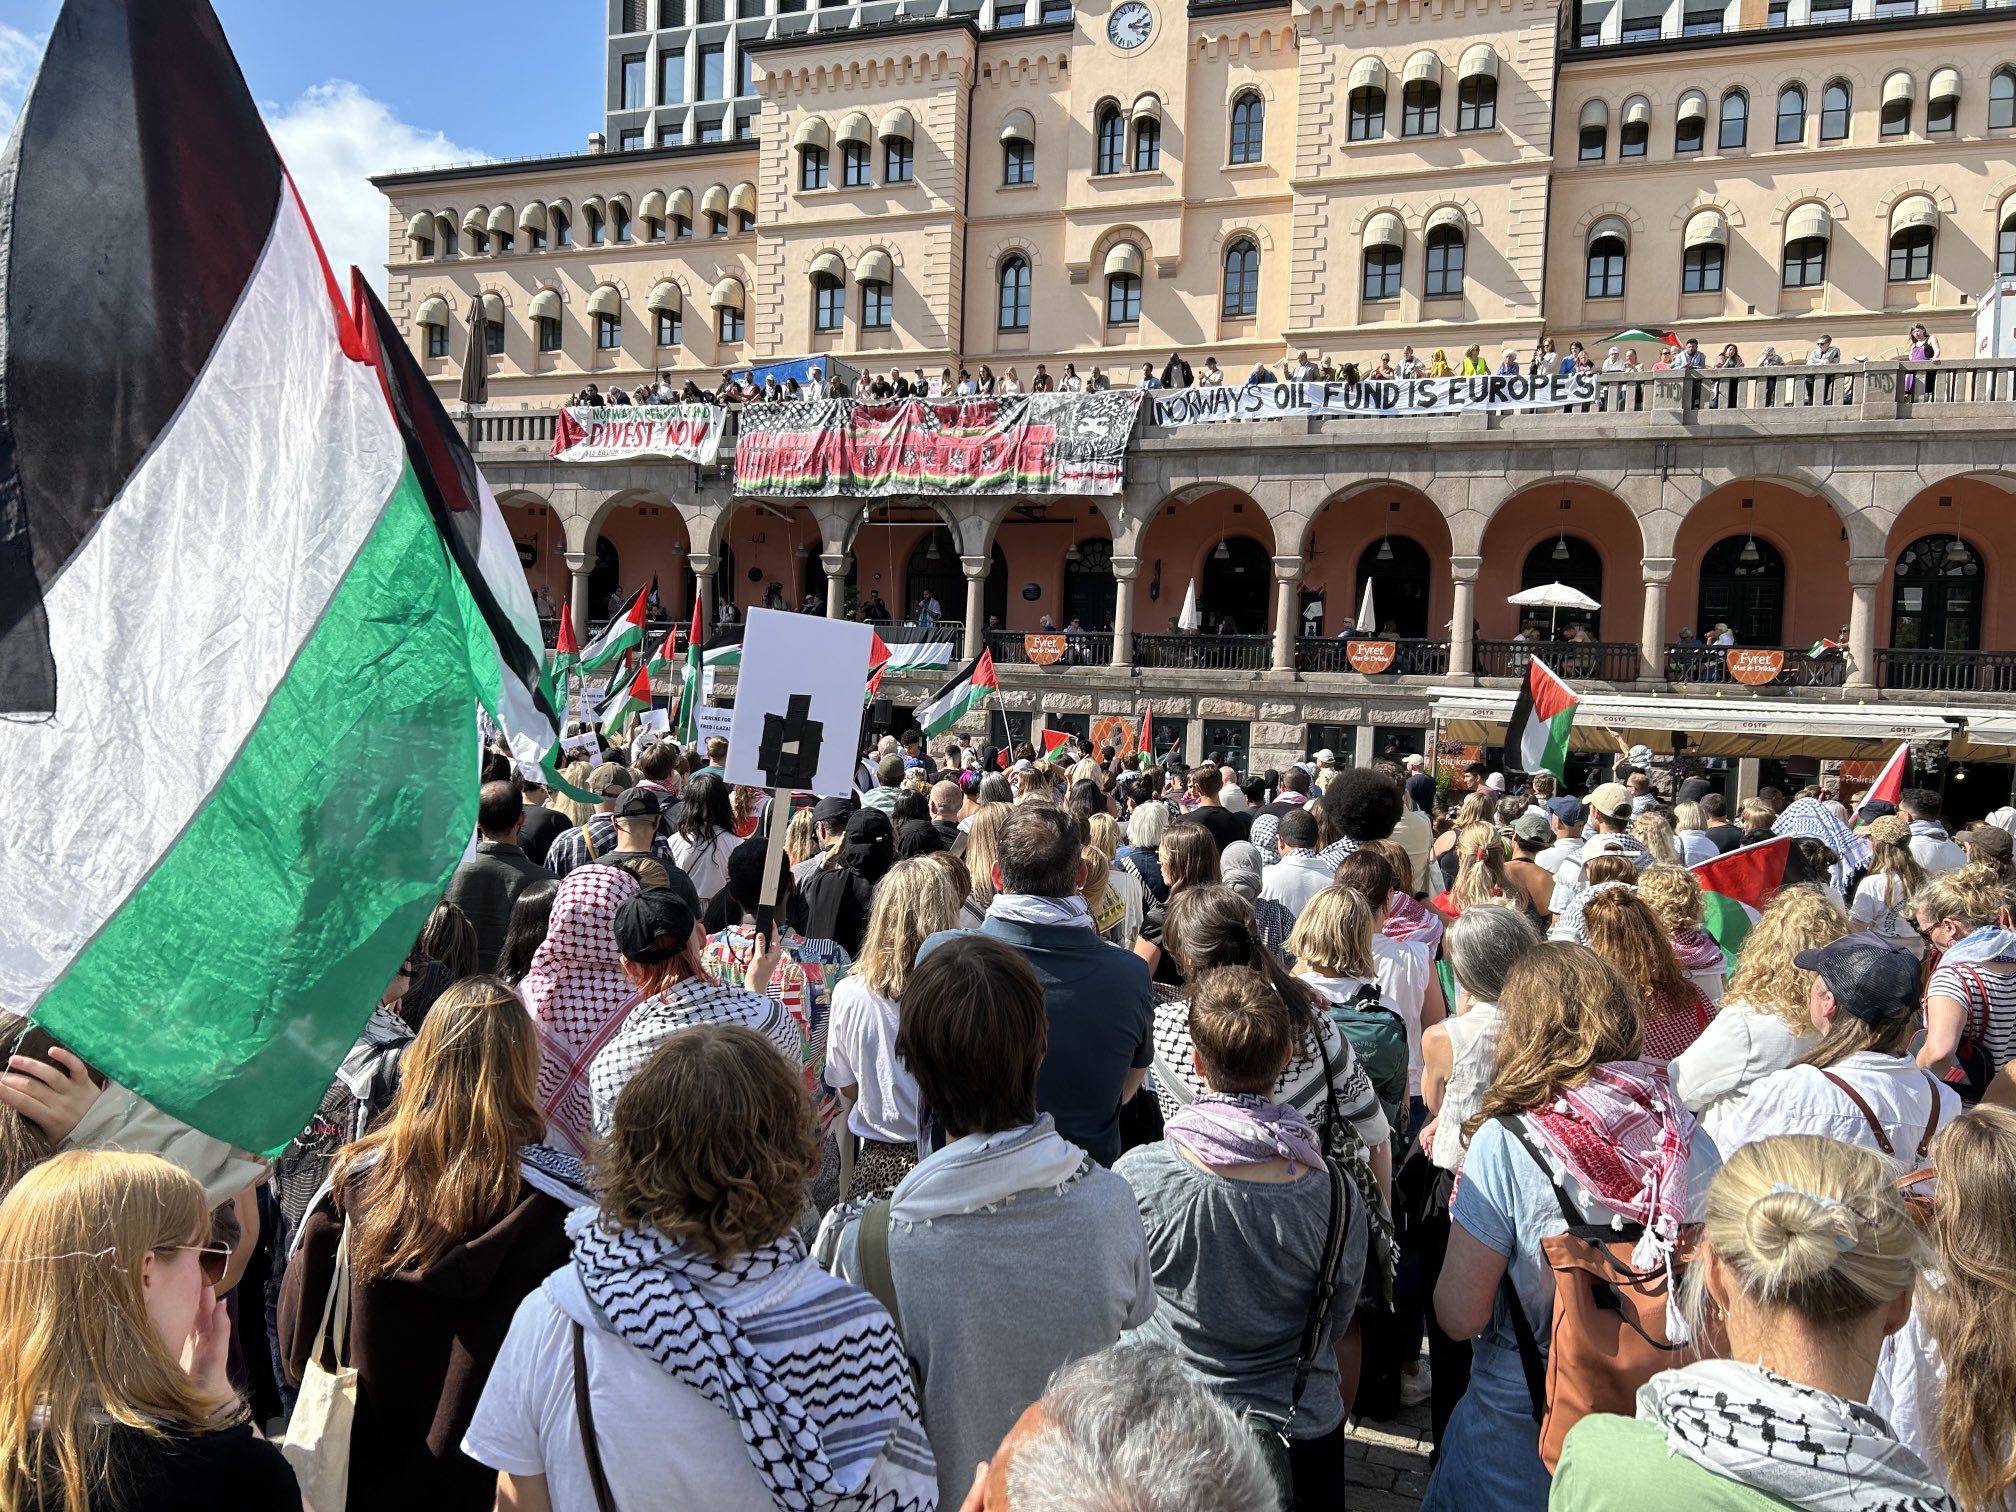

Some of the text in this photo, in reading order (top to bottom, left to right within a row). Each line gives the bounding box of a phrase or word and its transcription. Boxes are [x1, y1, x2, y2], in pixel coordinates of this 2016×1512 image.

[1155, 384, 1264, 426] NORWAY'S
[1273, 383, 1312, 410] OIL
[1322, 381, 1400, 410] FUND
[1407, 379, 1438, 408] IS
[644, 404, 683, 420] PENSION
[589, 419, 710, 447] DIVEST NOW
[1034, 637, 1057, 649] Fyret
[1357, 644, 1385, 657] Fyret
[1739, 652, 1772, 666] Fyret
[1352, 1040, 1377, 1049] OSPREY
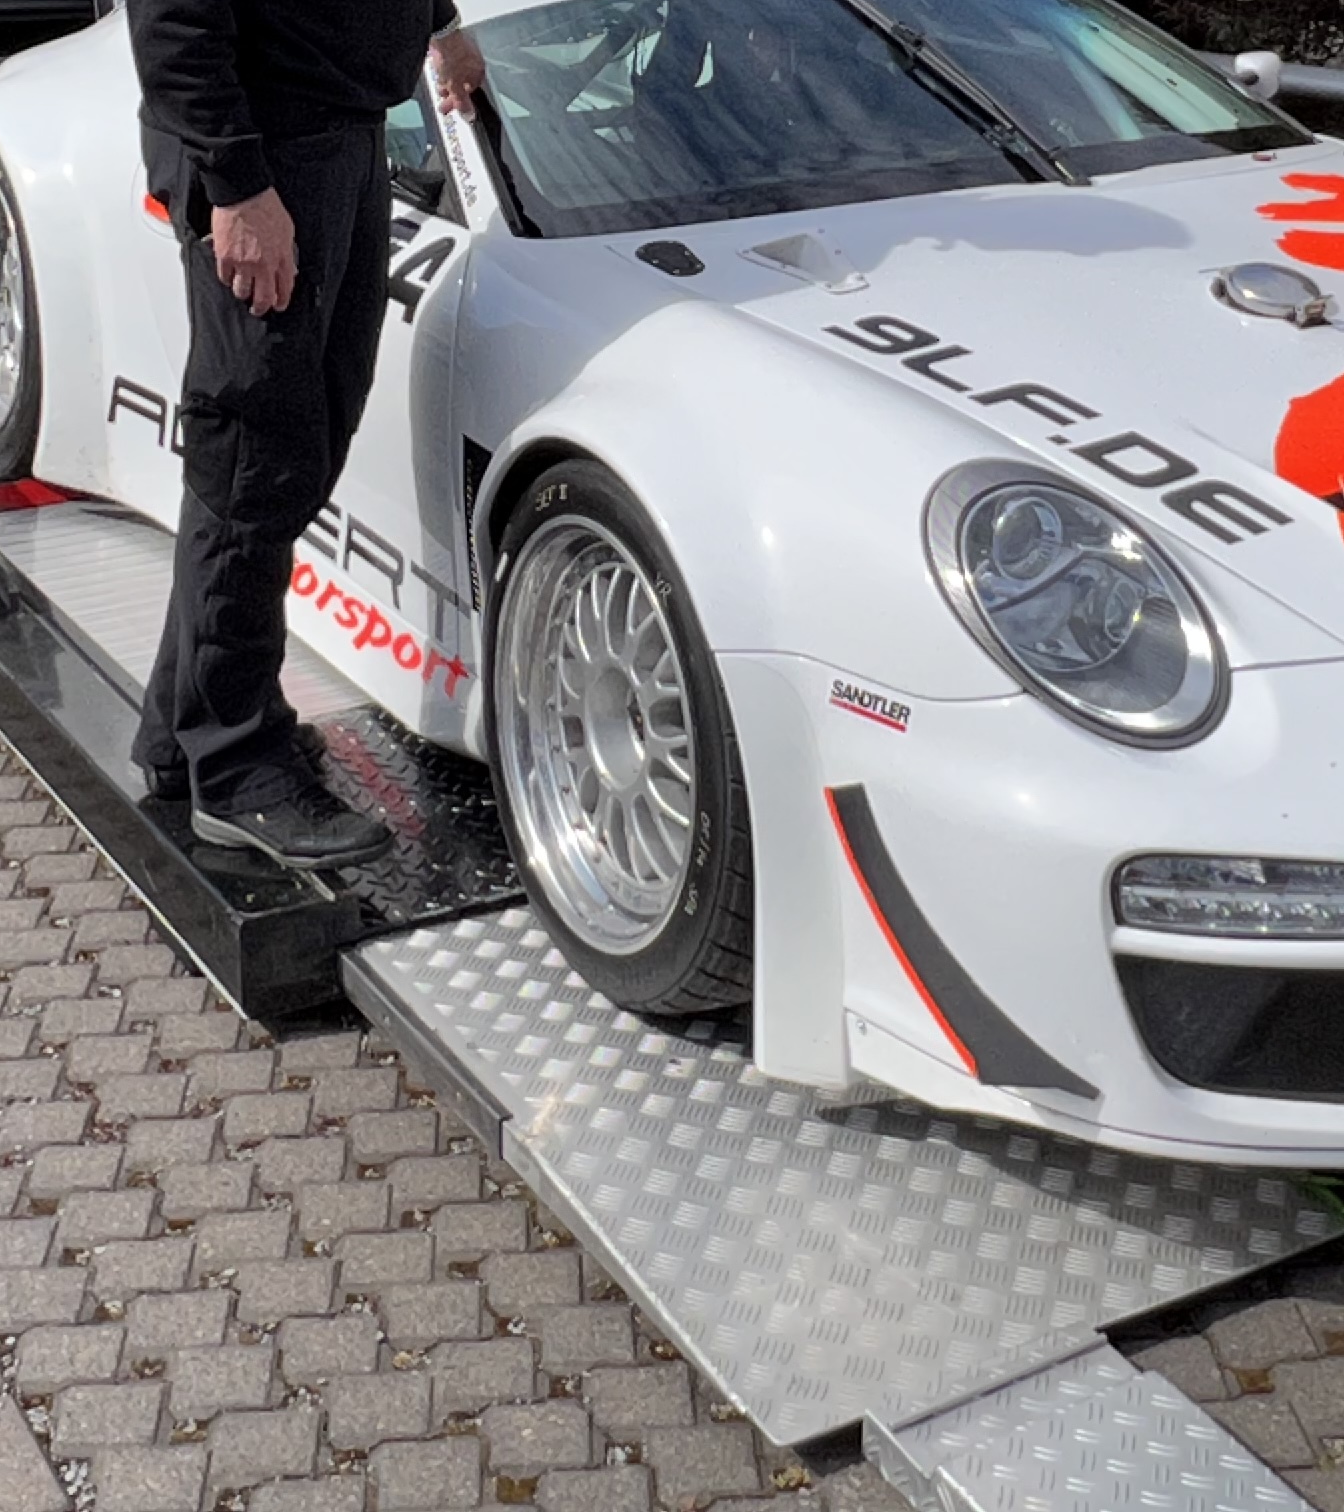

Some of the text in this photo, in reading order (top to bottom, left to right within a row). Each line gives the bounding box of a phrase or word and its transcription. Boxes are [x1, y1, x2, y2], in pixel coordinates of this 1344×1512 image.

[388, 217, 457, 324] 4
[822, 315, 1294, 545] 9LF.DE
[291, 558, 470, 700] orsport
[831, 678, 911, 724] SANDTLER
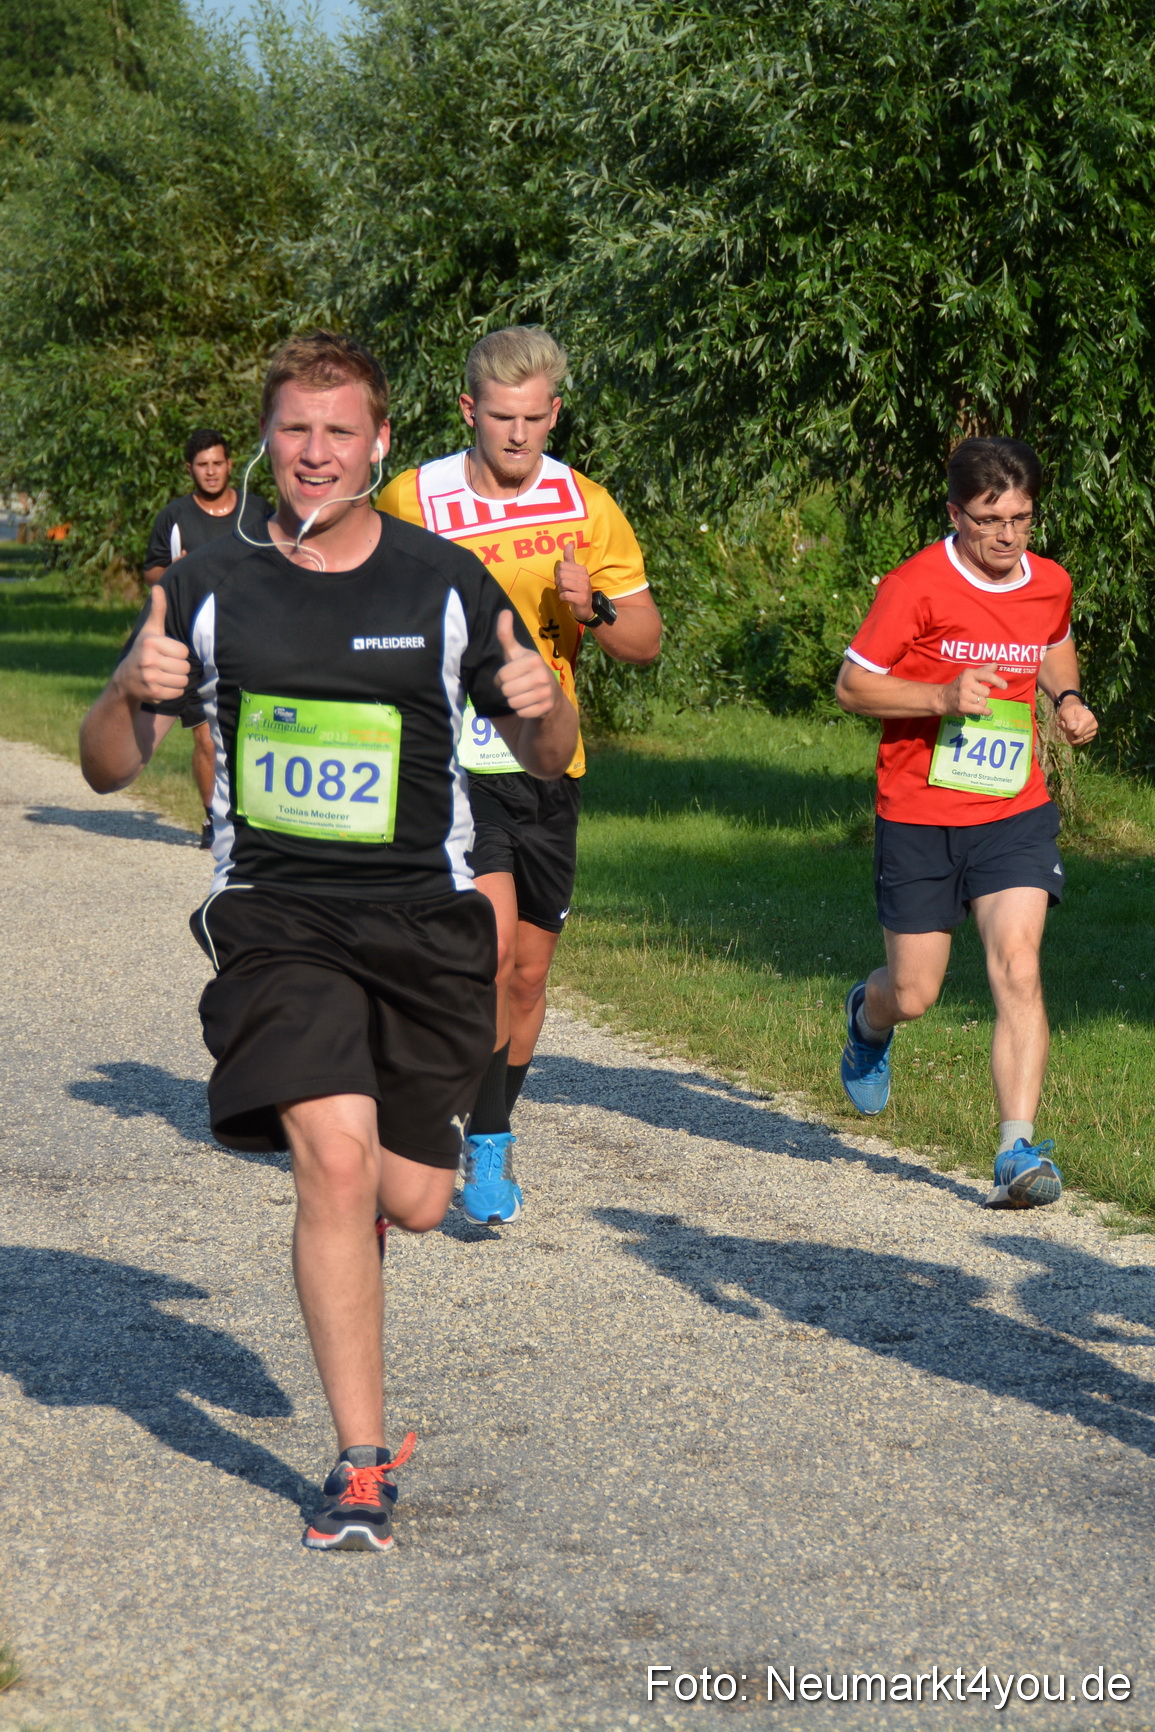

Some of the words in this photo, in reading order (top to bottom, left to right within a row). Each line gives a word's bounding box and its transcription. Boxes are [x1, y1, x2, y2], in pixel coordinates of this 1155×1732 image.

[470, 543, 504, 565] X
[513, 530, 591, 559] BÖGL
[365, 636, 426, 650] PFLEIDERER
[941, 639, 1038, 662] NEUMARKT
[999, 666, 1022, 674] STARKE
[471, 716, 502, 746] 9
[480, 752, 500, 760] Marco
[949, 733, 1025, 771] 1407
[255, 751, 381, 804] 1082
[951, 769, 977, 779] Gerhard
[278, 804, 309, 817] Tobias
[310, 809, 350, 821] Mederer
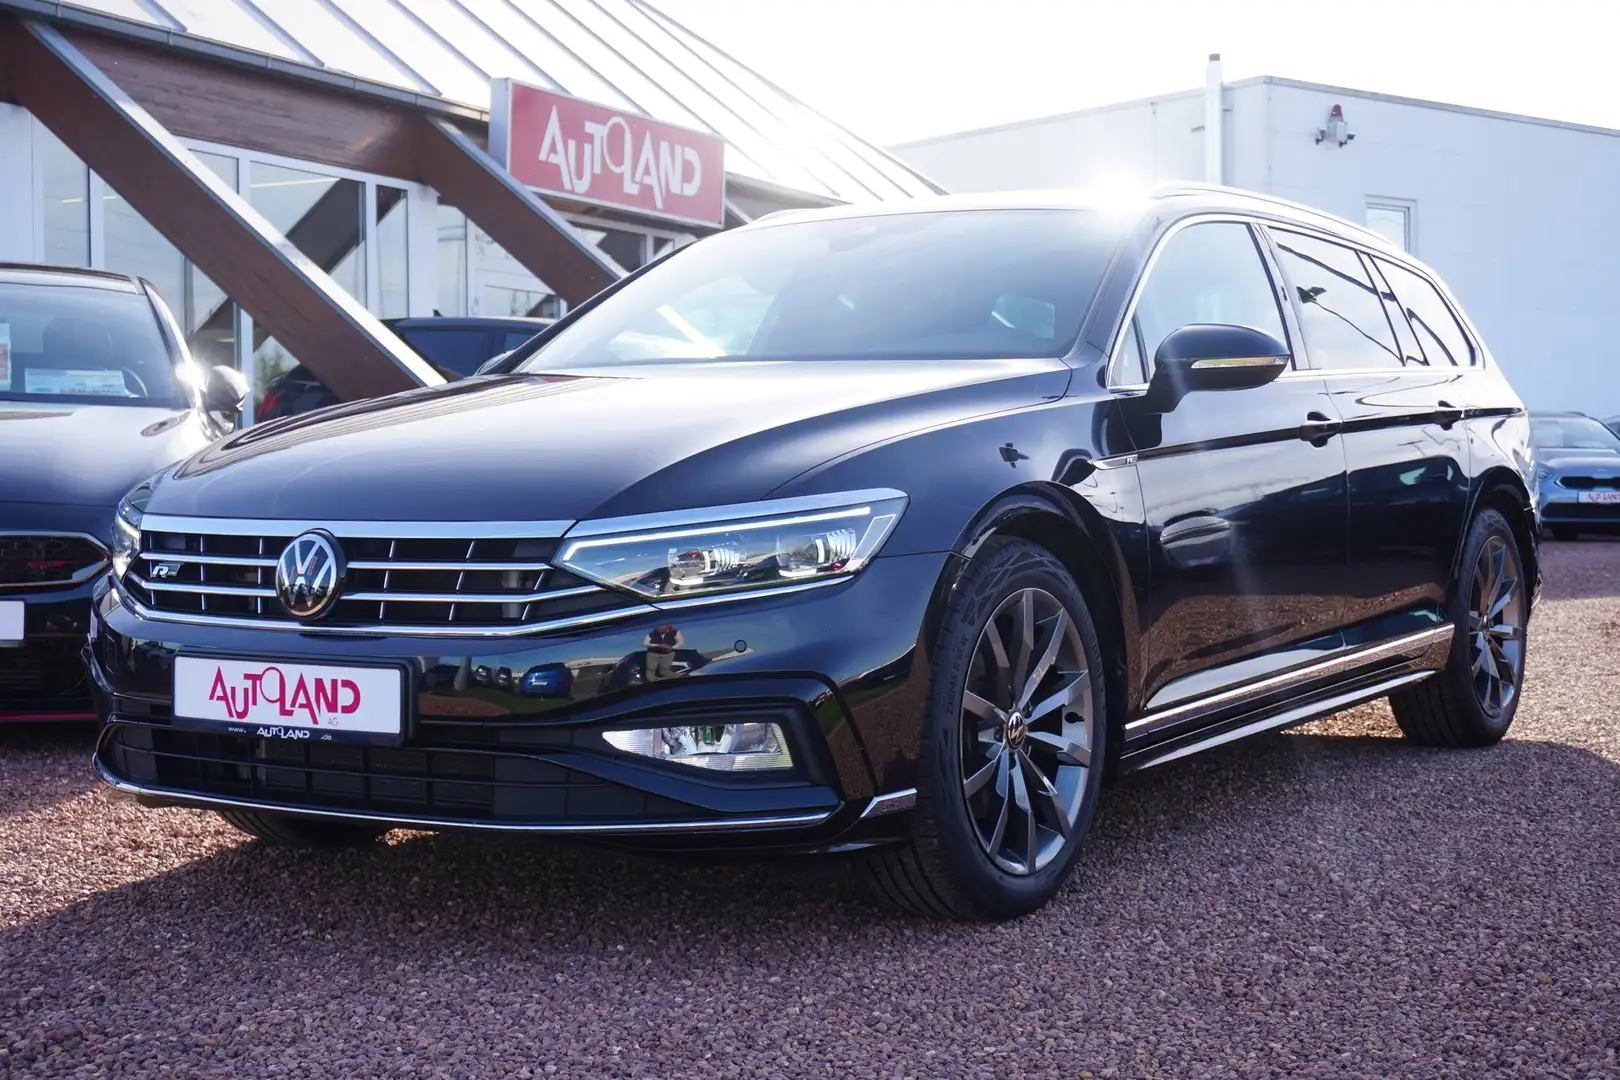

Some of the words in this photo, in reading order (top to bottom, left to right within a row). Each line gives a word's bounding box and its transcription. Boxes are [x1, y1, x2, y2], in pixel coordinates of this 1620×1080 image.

» **Exercise prompt**
Everything in the entries must be written out exactly; the pictures stay out.

» **Written solution**
Some of the text in this photo, in reading order (top to bottom, left to right within a row). Each line gives the bounding box of a phrase or word and its transcription. Boxes are [x1, y1, x2, y2], in pixel coordinates of this 2016×1512 image.

[1155, 384, 1264, 426] NORWAY'S
[1273, 383, 1312, 410] OIL
[1322, 381, 1400, 410] FUND
[1407, 379, 1438, 408] IS
[644, 404, 683, 420] PENSION
[589, 419, 710, 447] DIVEST NOW
[1034, 637, 1057, 649] Fyret
[1357, 644, 1385, 657] Fyret
[1739, 652, 1772, 666] Fyret
[1352, 1040, 1377, 1049] OSPREY

Some of the text in this photo, in reading order (top to bottom, left to right within a row). Each line gives the bounding box of a phrase or word and its transcription. Boxes are [x1, y1, x2, y2], in pixel coordinates of this 1344×1512 image.

[388, 217, 457, 324] 4
[822, 315, 1294, 545] 9LF.DE
[291, 558, 470, 700] orsport
[831, 678, 911, 724] SANDTLER

Some of the words in this photo, in reading order (top to bottom, left to right within a row). Each line gives a word's bounding box and its transcription. Boxes are [x1, y1, x2, y2], in pixel coordinates of this 1155×1732 image.

[470, 543, 504, 565] X
[513, 530, 591, 559] BÖGL
[365, 636, 426, 650] PFLEIDERER
[941, 639, 1038, 662] NEUMARKT
[999, 666, 1022, 674] STARKE
[471, 716, 502, 746] 9
[480, 752, 500, 760] Marco
[949, 733, 1025, 771] 1407
[255, 751, 381, 804] 1082
[951, 769, 977, 779] Gerhard
[278, 804, 309, 817] Tobias
[310, 809, 350, 821] Mederer

Some of the words in this photo, in reading order (top to bottom, left to right within a row). Each line gives a word's bounding box and its transcription. Boxes are [x1, y1, x2, y2], in pixel coordinates of this 1620×1080 image.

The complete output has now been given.